TIME international relations

Merkel Says U.S. Spy Allegations Are Serious, If True

Angela Merkel, Li Keqiang
German Chancellor Angela Merkel, right, and Chinese Premier Li Keqiang, left, review an honor guard during a welcome ceremony outside the Great Hall of the People in Beijing, China Monday, July 7, 2014. Andy Wong—AP

Merkel said if the allegations are true, it would be a "clear contradiction" of trust between the allies

(BEIJING) — German Chancellor Angela Merkel said Monday that if reports that a German intelligence employee spied for the United States are proven true, that would be a “clear contradiction” of trust between the allies.

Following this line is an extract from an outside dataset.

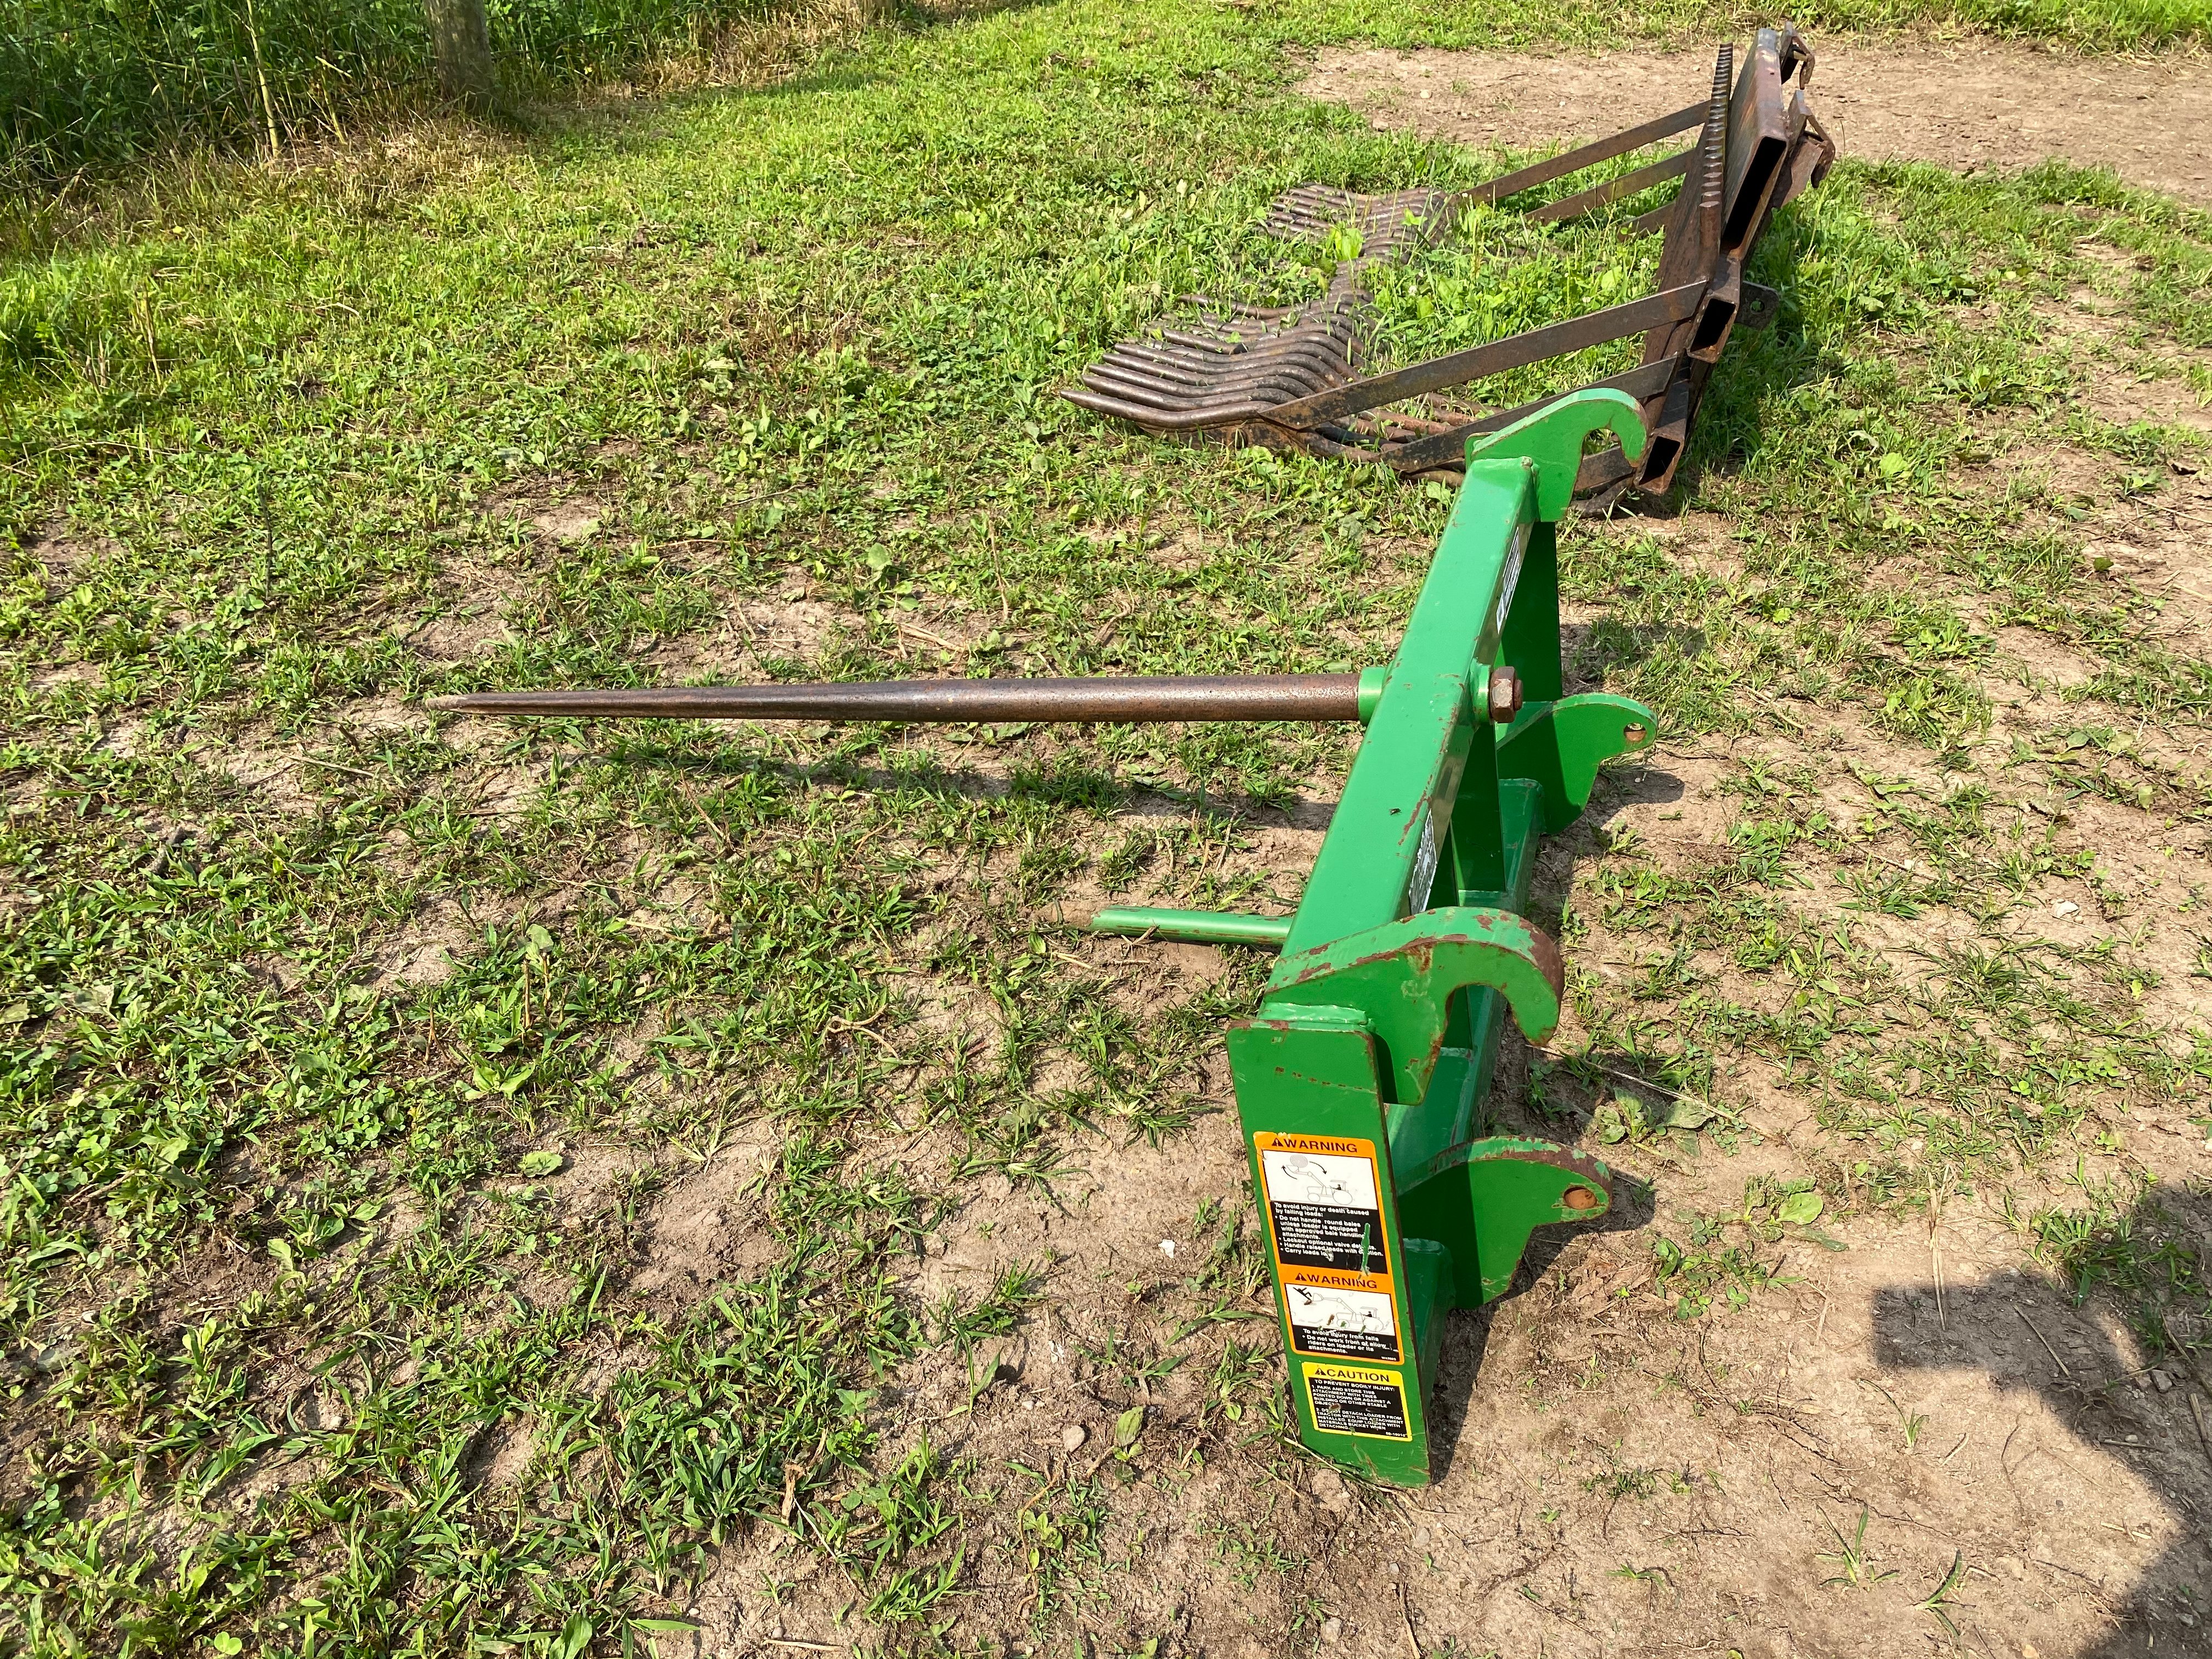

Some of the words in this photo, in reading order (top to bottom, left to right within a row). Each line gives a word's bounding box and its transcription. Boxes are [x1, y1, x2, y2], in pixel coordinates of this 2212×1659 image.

[1284, 1139, 1357, 1152] WARNING
[1307, 1273, 1377, 1288] WARNING
[1308, 1345, 1347, 1353] attachments.
[1327, 1369, 1389, 1382] CAUTION

The comments marked Merkel’s first public remarks on the arrest last week of a 31-year-old man suspected of spying for foreign intelligence services.

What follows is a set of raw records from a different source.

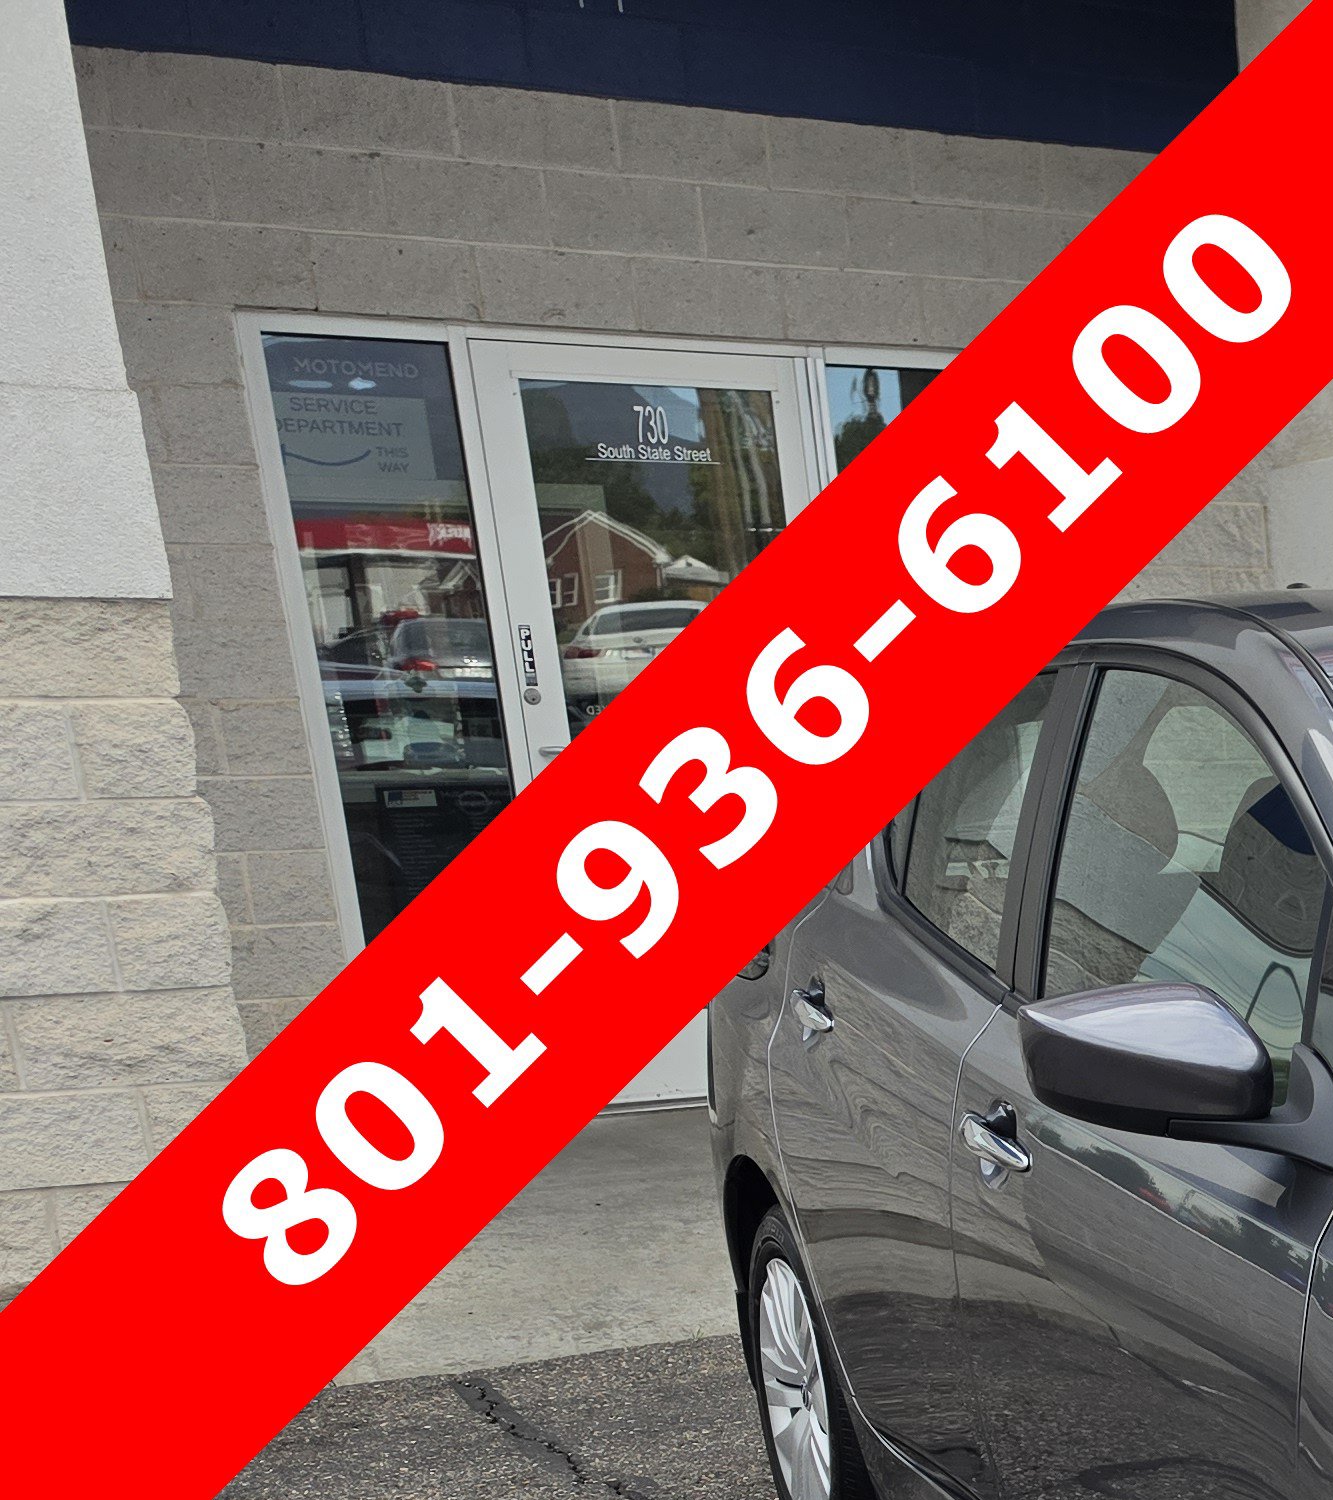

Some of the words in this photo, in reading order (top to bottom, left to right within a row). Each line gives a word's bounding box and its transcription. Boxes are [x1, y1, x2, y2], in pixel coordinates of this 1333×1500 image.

[292, 356, 419, 379] MOTOMEND
[289, 396, 378, 415] SERVICE
[633, 405, 669, 444] 730
[376, 446, 409, 459] THIS
[597, 443, 635, 459] South
[638, 445, 671, 461] State
[674, 446, 712, 462] Street
[377, 462, 410, 474] WAY
[520, 628, 535, 673] PULL

German prosecutors say the man allegedly handed over 218 documents between 2012 and 2014. German media, without naming sources, have reported he was an employee of Germany’s foreign intelligence service who says he sold his services to the U.S.

“If the reports are correct it would be a serious case,” Merkel said at a news conference in Beijing with the Chinese premier. “If the allegations are true, it would be for me a clear contradiction as to what I consider to be trusting cooperation between agencies and partners.'”

Germany has been stepping up pressure on the United States to clarify the situation. Germany’s Foreign Ministry summoned the U.S. ambassador Friday to help clarify the case.

The issue threatens to strain German-U.S. relations again after earlier reports that the National Security Agency spied on Germans, including on Merkel’s cellphone.